Saved data entries
# # # # # # #

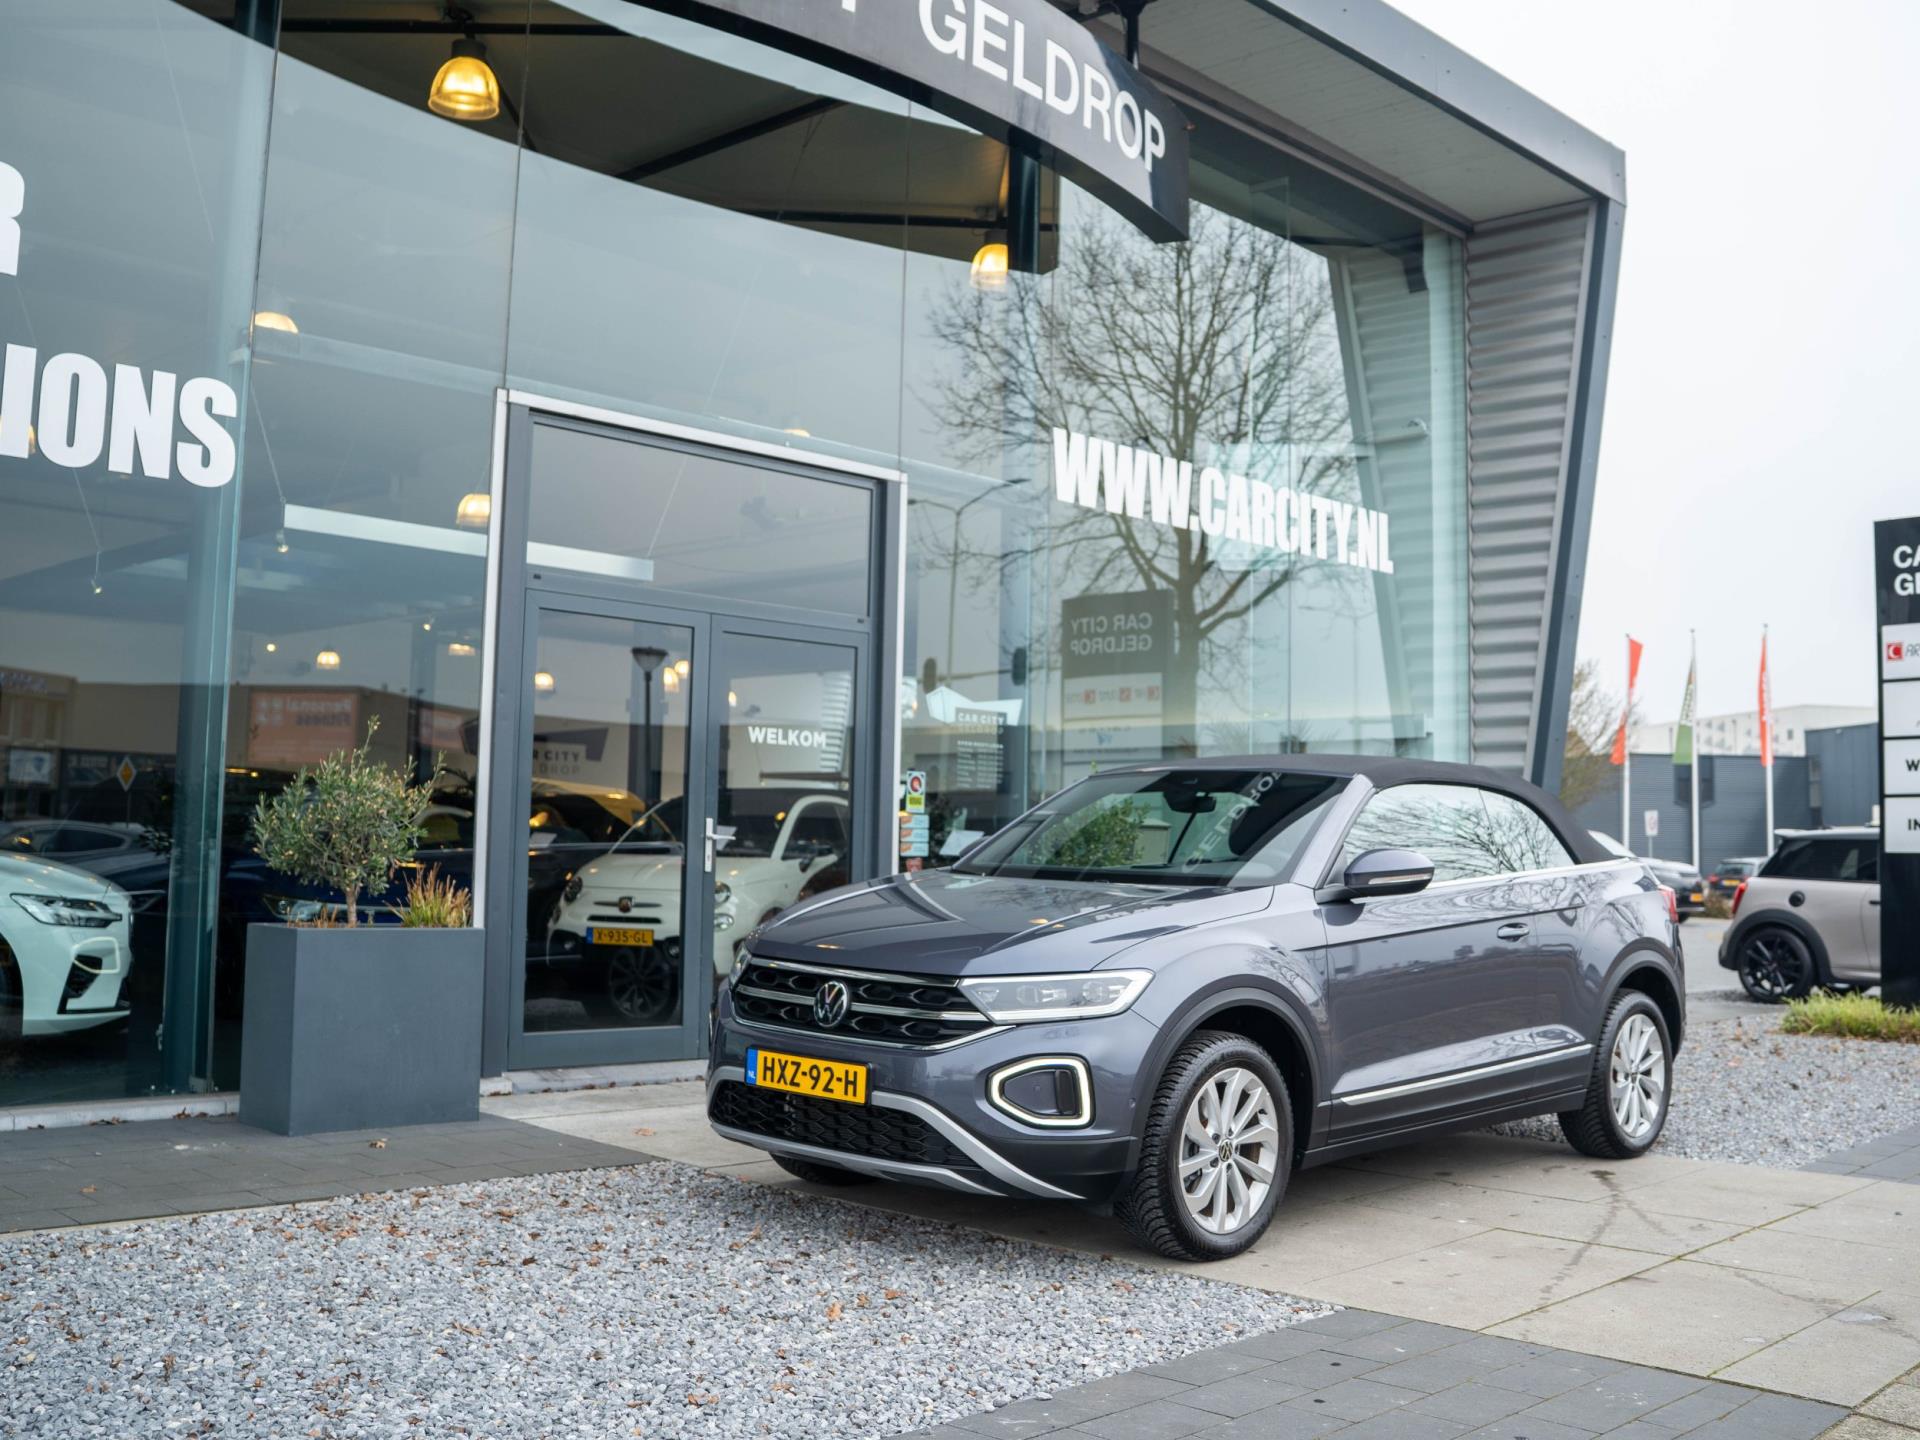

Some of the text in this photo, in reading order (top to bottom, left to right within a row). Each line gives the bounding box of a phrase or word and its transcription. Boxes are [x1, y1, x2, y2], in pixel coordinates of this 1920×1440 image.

[919, 0, 1166, 173] GELDROP
[1053, 427, 1394, 575] WWW.CARCITY.NL
[748, 726, 827, 748] WELKOM
[763, 1056, 858, 1098] HXZ-92-H

# # # # # # #

▸ What is expected
Copy every record above exactly, leaving out the pictures.

▸ Output for this task
Some of the text in this photo, in reading order (top to bottom, left to right within a row). Each line gives the bounding box of a phrase or word and its transcription. Boxes are [x1, y1, x2, y2], in pixel coordinates of this 1920×1440 image.

[919, 0, 1166, 173] GELDROP
[1053, 427, 1394, 575] WWW.CARCITY.NL
[748, 726, 827, 748] WELKOM
[763, 1056, 858, 1098] HXZ-92-H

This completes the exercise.